Press Releases

SAN DIEGO – Yesterday, Rep. Scott Peters (CA-52) helped the House pass the Paycheck Protection Program Flexibility Act, a bipartisan bill that would improve the Paycheck Protection Program (PPP), an initiative born out of the Coronavirus Aid, Relief, and Economic Security (CARES) Act that provides relief to small businesses feeling economic strain from the coronavirus (COVID-19) pandemic.

The Paycheck Protection Program Flexibility Act expands the benefits and flexibility of PPP loans to:

  • Expand loan forgiveness for expenses from an 8-week covered period to 24 weeks, and extending the rehiring deadline. The current eight-week timeline set by the CARES Act in March does not work for many local businesses that just opened back up or that will be allowed to open with very heavy restrictions. Small businesses need the flexibility to spread the loan proceeds over the full course of the crisis, until demand returns.
  • Increase the current limitation on the use of loan proceeds for non-payroll expenses from 25 percent to 40 percent. Under regulations issued by the Trump Administration, PPP loans require that no more than 25 percent of loan proceeds can be spent on non-payroll expenses such as rent, mortgage interest, and utilities, preventing many small businesses, such as independent restaurants, from applying to the program because their rent is significantly more than 25 percent of their monthly expenses.
  • Extend the program from June 30 to December 31. Prolonging the PPP program for 24 weeks will ensure that more truly small businesses can take advantage of the program.
  • Expand loan terms from two years to five years. Allowing longer loan terms will reduce the stress small businesses are already experiencing due to a lack of revenue. According to the American Hotel and Lodging Association, full recovery for that industry following both the September 11, 2001 terrorist attacks and the 2008 recession took more than two full years. If the past is any indication of the future, it will take many businesses in multiple industries more than two years to achieve sufficient revenues to pay back the loan. 
  • Ensure full access to payroll tax deferment for businesses that take PPP loans. The purpose of PPP and the payroll tax deferment was to provide businesses with liquidity to weather the crisis. Businesses need access to both sources of cash flow to survive.

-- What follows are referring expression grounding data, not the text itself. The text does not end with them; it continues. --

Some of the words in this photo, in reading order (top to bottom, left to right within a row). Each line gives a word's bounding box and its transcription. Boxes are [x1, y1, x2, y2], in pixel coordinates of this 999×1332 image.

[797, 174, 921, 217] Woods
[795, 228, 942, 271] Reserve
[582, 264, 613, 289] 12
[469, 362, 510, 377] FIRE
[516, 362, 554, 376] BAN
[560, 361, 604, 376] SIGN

“Dozens of organizations in my district expressed concern over original PPP provisions, like the 8-week covered period, deadlines for rehiring, and limitations on loan use for non-payroll expenses,” said Rep. Peters. “It’s clear the economic toll of this crisis will be felt well past the program’s June 30 deadline, and allowing local businesses greater ability to use PPP loans in ways that best serve their company and employees is crucial to the survival of our Main Street businesses during this emergency.”

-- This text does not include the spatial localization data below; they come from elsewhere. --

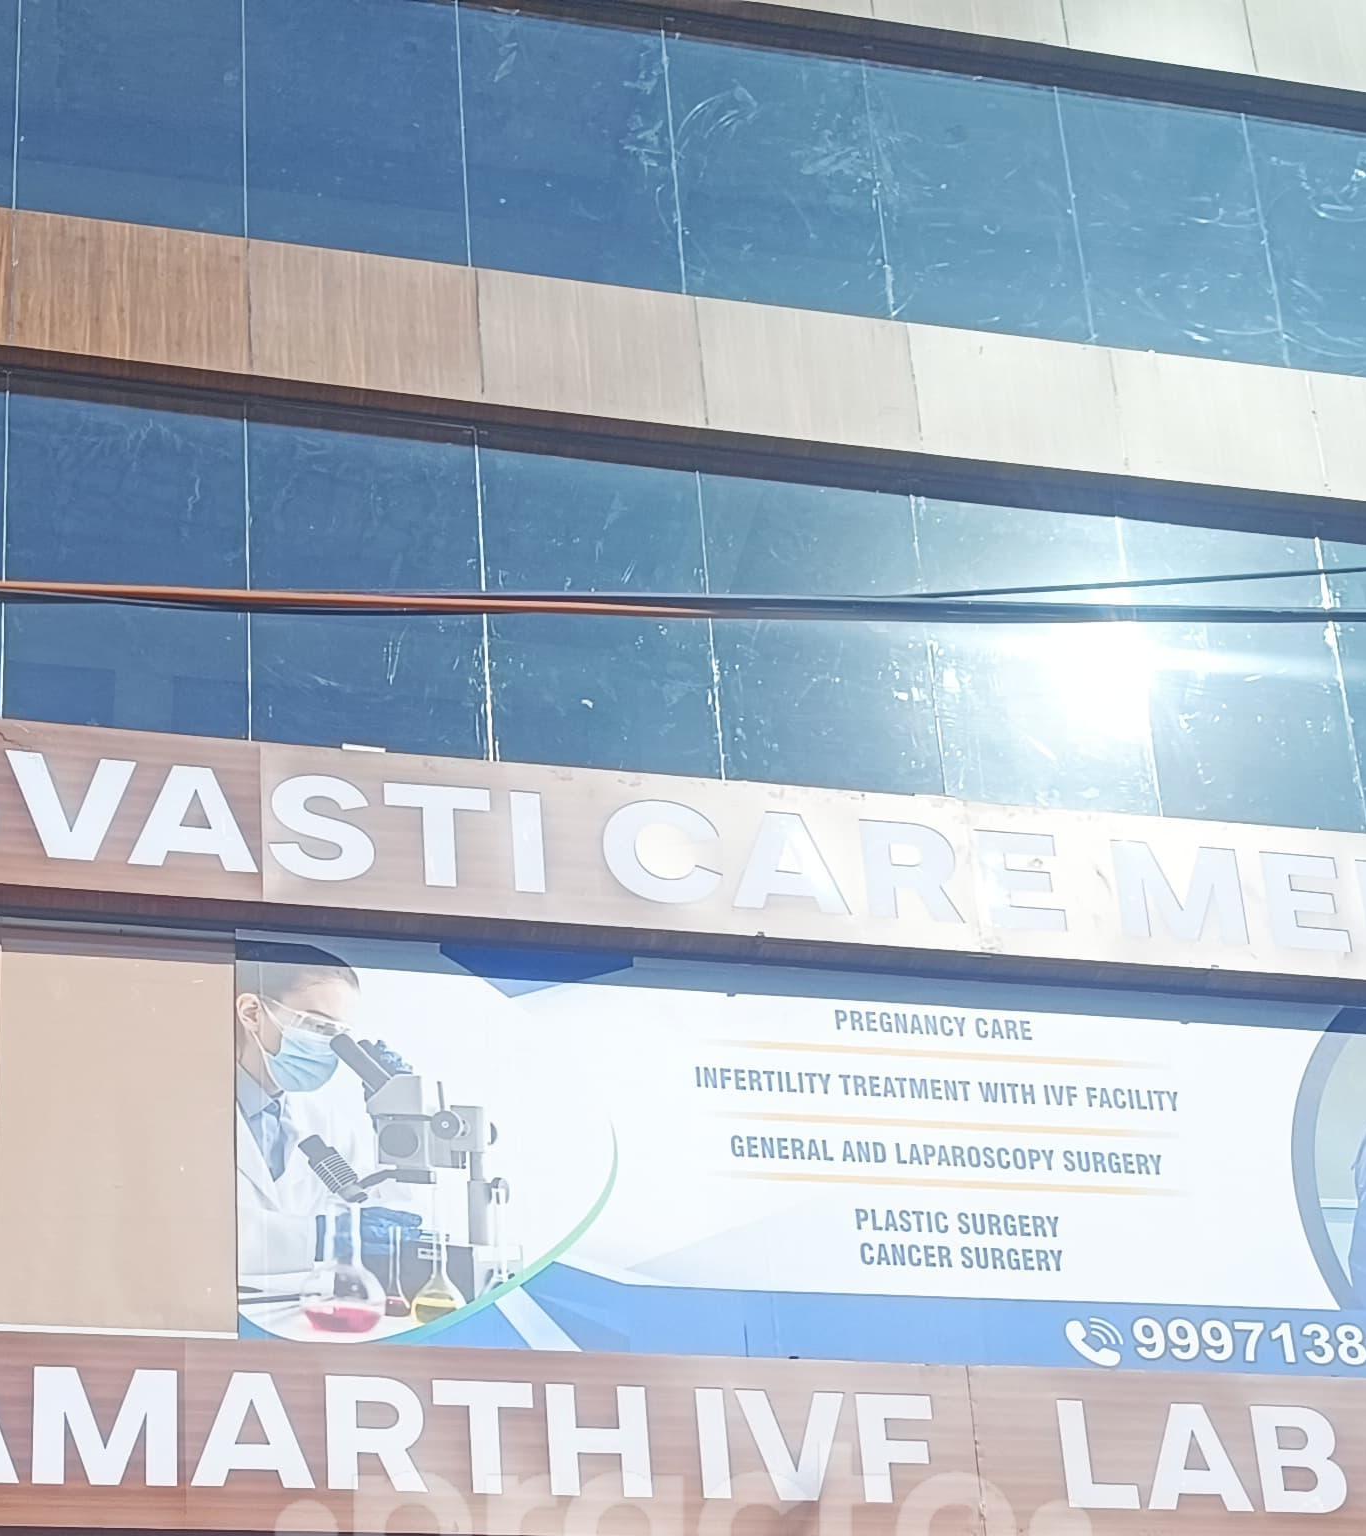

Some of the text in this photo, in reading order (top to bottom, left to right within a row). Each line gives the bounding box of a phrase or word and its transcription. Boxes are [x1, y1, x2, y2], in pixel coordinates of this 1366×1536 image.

[602, 799, 1068, 927] CARE
[834, 1009, 1033, 1041] PREGNANCY CARE
[694, 1065, 1179, 1112] INFERTILITY TREATMENT WITH IVF FACILITY
[729, 1134, 1163, 1176] GENERAL AND LAPAROSCOPY SURGERY
[854, 1208, 1060, 1239] PLASTIC SURGERY
[859, 1242, 1064, 1273] CANCER SURGERY
[694, 1387, 935, 1503] IVF
[1054, 1397, 1347, 1518] LAB

Rep. Peters continued, “Congress knew more work was needed to correct flaws of the programs outlined in the CARES Act, and the changes we voted on will ensure that financial relief is more accessible and functional for the small businesses in San Diego and across the country who need it most.”

While San Diegans shelter in place, Rep. Peters continues to work for the people of California’s 52nd district and carry out his legislative duties remotely while following public health guidance. Pursuant to temporary House rules authorizing remote participation during the pandemic, Rep. Peters designated Rep. Kathleen Rice (NY-04) to cast his vote via proxy, according to his direction.